PvS: XMPro started off when we realised that workflow systems as we know it, from a classical point of view, didn’t address the requirements of where knowledge style processes are going. I’ve been involved with the workflow market for the last 15 years, and at the end of 2009 we started XMpro in Sydney as a result of some of the challenges that we saw, and also trying to extend functionality inside ERP based products or financial or business applications. In 2012 Gartner put out a research report to say 80% of work is unstructured, and only 20% is really structured where you know the flow in advance.

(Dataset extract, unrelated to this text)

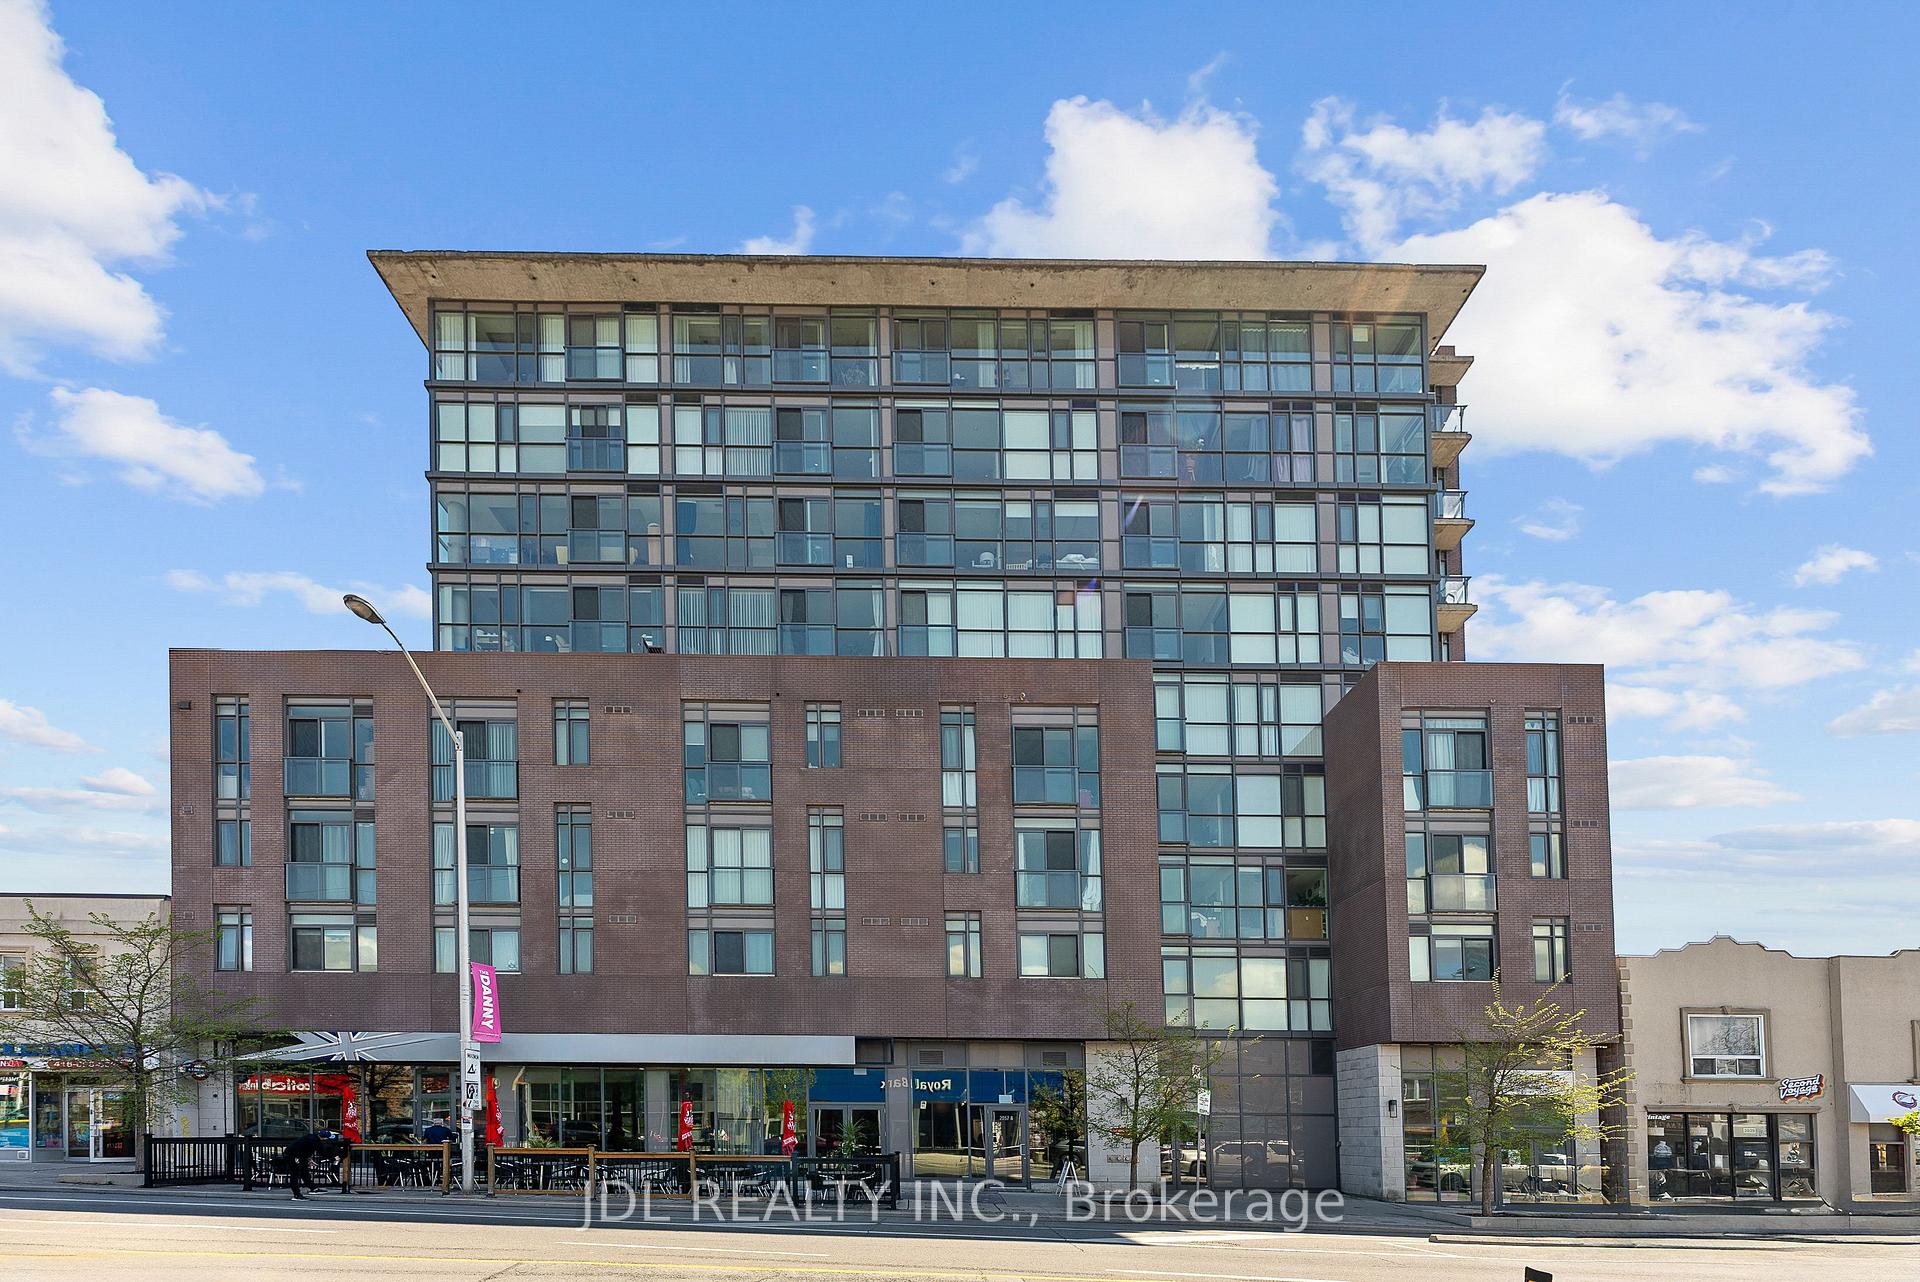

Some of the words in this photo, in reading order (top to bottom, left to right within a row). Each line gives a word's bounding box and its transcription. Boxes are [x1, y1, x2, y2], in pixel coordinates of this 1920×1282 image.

The other challenge with those kinds of processes is they’re very content-rich, so there’s a lot of documentation and information and content associated. You don’t know the flow in advance, and they’re very collaborative, so people like to discuss things, and as a result of that discussion they have context, and then they can make a decision on who should I send it to, who’s the best person to act on it? So Gartner looked at our way that we approached this and said it was a really unique way, and as a result of that they made us a "Cool Vendor" for business process management in 2012. As a result of that we had a lot of enquiries out of the US, which initially as a small Australian business we didn’t have the appetite for. Towards the end of 2012 we started approaching the US market and almost 12 months later we’ve established ourselves there and have now won our first really big contract at the end of 2013.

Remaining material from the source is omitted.